A la quinta donde se alojó durante su exilio de 13 años en Madrid Juan Domingo Perón la llamó 17 de Octubre. Ubicada en el señorial barrio de Puerta de Hierro, donde el derrocado General planificó su regreso triunfal al país y a la presidencia de la nación, fue símbolo de la resistencia peronista. También fue el lugar desde donde el líder popular siguió influyendo sobre la política nacional a pesar de estar proscripto. Sin un lugar físico impuesto por un exilio forzado y con la posibilidad concreta de poner, al menos en los papeles, un sucesor de su propia fuerza política que le responda, la presidente Cristina Kirchner mueve sus fichas con un único objetivo: seguir dominando la escena política nacional. El café literario con el que su esposo ejemplificaba un retiro que buscaba mostrar que el ejercicio del poder iba a estar en manos de la presidente electa, no es siquiera esbozado en esta ocasión.

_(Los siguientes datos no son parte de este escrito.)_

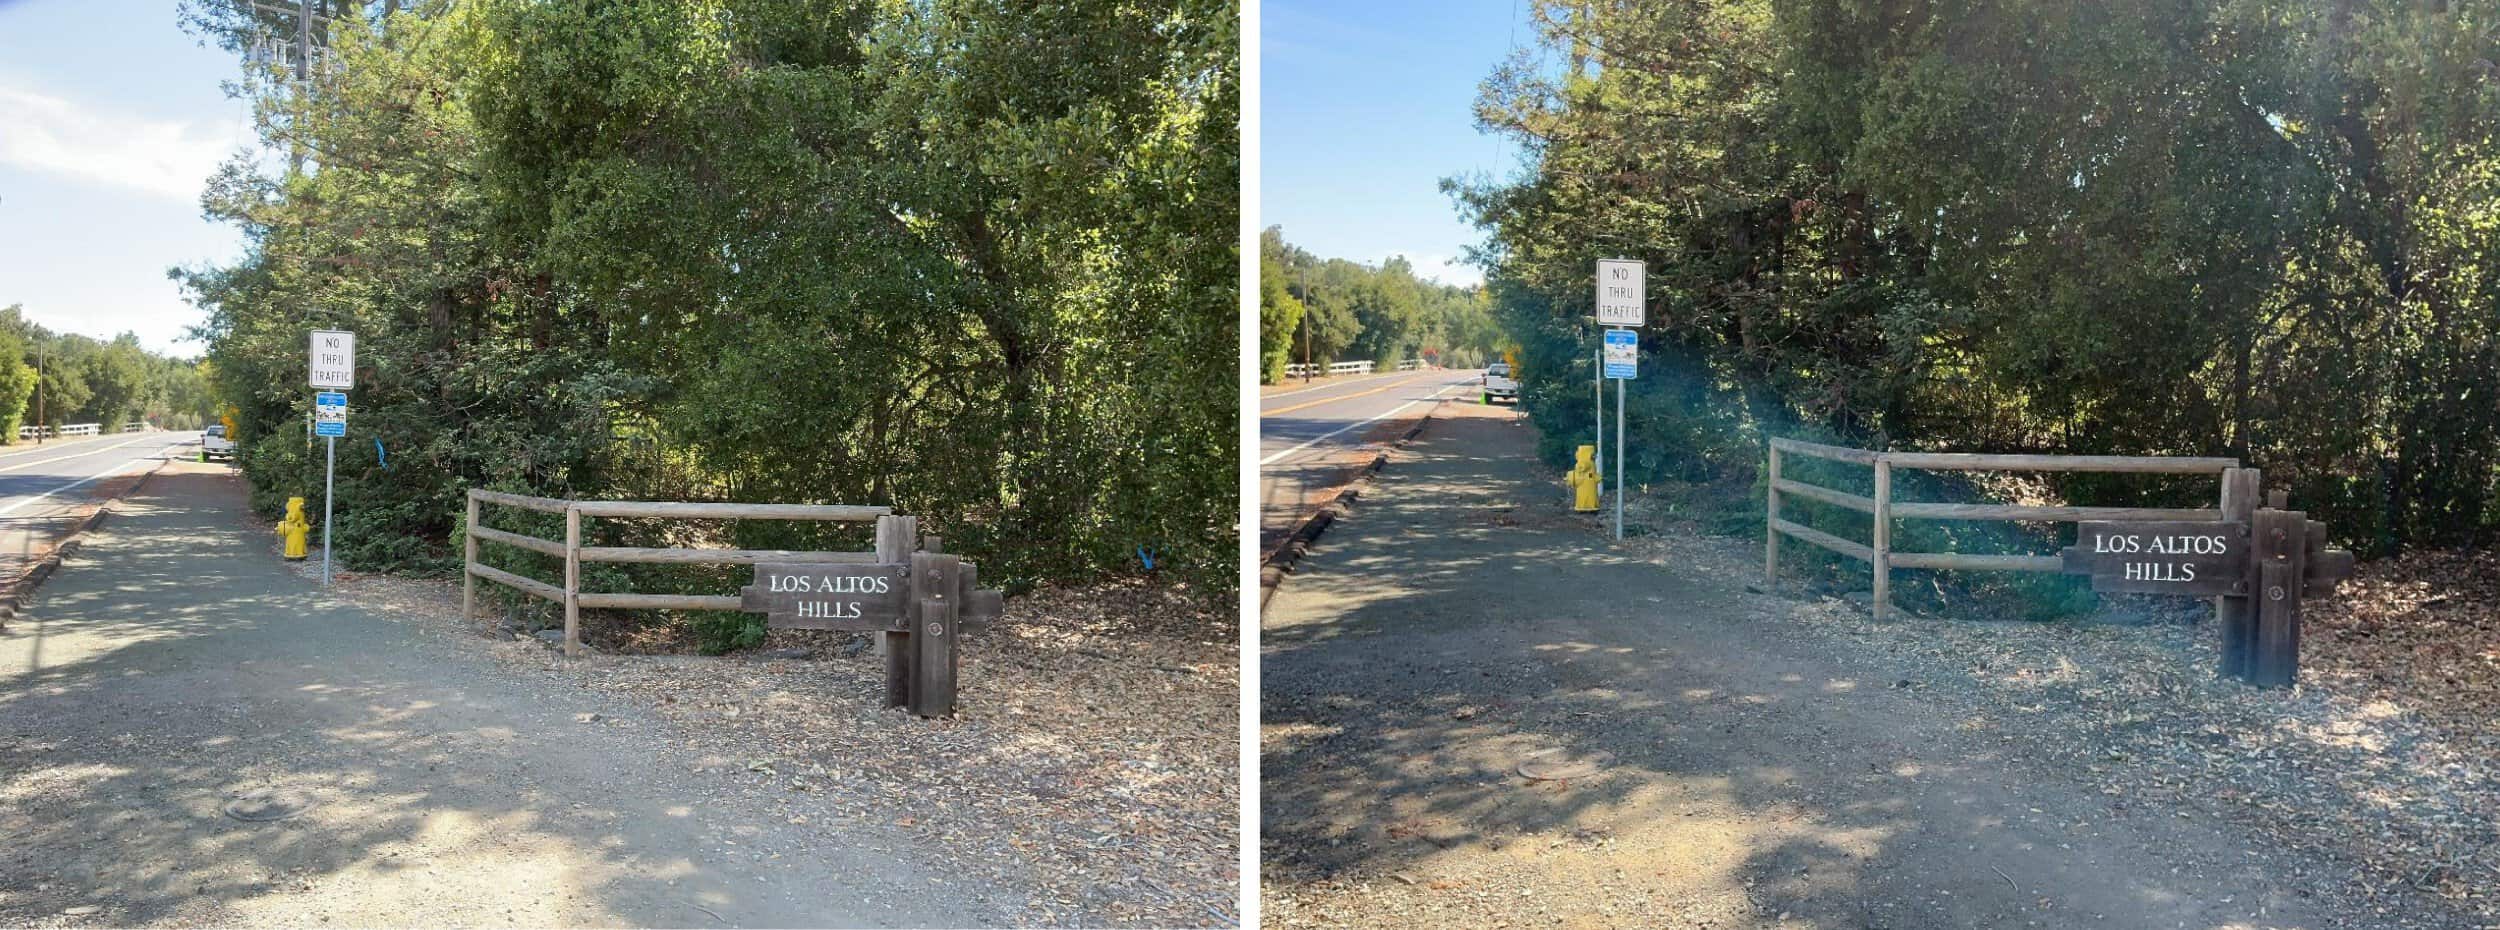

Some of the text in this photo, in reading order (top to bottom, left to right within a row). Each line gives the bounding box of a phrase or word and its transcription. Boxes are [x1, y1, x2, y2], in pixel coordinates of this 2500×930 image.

Eduardo Duhalde, cuando eligió a su sucesor para las elecciones que trajeron a la vida política nacional lo que hoy conocemos como kirchnerismo, contó con escaso tiempo y recursos de poder (y tal vez voluntad) como para poder asegurar su influencia. Apenas pudo reflexionarlo y ni siquiera fue Néstor Kirchner la primera opción elegida. Fue así que en poco tiempo, y habiendo consolidado su poder luego de asumir con el 22% de los votos, el ex gobernador santacruceño fue despegándose de su “mentor” para construir un camino que tenía mucho más que ver con lo hecho en sus pagos patagónicos. Con la inestimable ayuda de una sociedad amansada por una crisis feroz de la que apenas se estaba recuperando, en los primeros años logró que el poderoso aparato bonaerense, antes fiel al caudillo de Banfield, se rindiera a sus pies con mocasines. Desde el momento en que aceptó el ofrecimiento del entonces presidente Duhalde tenía claro que debería despegarse o transformar rápidamente en propia la estructura política que le había sido otorgada. Ya desde sus tiempos como intendente y gobernador en la fría Patagonia argentina tenía internalizado que sólo se puede ser autónomo en términos políticos cuando se tiene el poder de la billetera y era lo que iba a buscar desde el primer día. Aplicando un maquiavelismo combinado trató de infundir amor en las bases y temor en las cumbres de su partido.

A una semana del cierre de candidaturas para las PASO de agosto comenzó a sonar con fuerza el nombre de Máximo Kirchner para acompañar alguna de las fórmulas del Frente para la Victoria. Hasta ahora el hijo de la presidente había sido medido para distintos cargos electivos, en Santa Cruz y también en Buenos Aires, siempre con magros resultados. Sin embargo, en la vicepresidencia podría “esconderse” bajo el paraguas de quien encabece la fórmula y matizar su influencia electoral negativa. Para esto cuenta con la inestimable colaboración de los dos precandidatos que tiene su espacio, quienes bien saben que contra la voluntad presidencial no pueden obtener nada bueno para ellos y por eso juegan a ver quién es el más servil a Cristina. Esto será así al menos hasta que finalicen las PASO.

La historia argentina ha dado numerosas muestras de lo controvertido que ha sido el cargo de vicepresidente. Hasta ahora son pocos los casos de una convivencia armoniosa o complementación fructífera con quien es el único titular del Poder Ejecutivo Nacional. La figura de Máximo Kirchner allí sería algo distinto: una suerte de interruptor puesto desde el antecesor ante el posible desvío de quien se propuso para sucederlo. La anécdota moral de Timeo de Tauromenio narrada en su Historia de Sicilia coincidiría perfectamente con esta propuesta. Una espada afilada que hizo colgar el tirano Dionisio y que estaba apenas sujetada por un pelo de crin de caballo sobre su cortesano adulador Damocles para ejemplificar el peligro que existe sobre aquellos que ostentan un gran poder.

La apuesta -hecha explícita por varios conspicuos kirchneristas- acerca que sea quien sea el candidato del Frente para la Victoria que gobierne el país a partir del 10 de diciembre (ninguno plantea públicamente la posibilidad de un triunfo opositor) deberá responder al liderazgo de Cristina Kirchner, lleva aparejado un condicionamiento que será difícil de ser salvado para cualquiera de ellos. La imagen del doble comando, blandida durante la primera presidencia de Cristina por la influencia de su esposo sobre ella, sería reemplazada por un monstruo de dos cabezas.

En un año electoral que debería ser aprovechado para continuar con el lento y fallido desarrollo de una cultura democrática y pluralista, el hijo sin votos de una pareja de la que ambos ejercieron la primera magistratura puesto en la línea de sucesión presidencial no es un marco muy estabilizador para una democracia que parece estar siempre pendiente de consolidarse, y mucho menos si se la quiere dotar de institucionalidad y alejarla de los personalismos.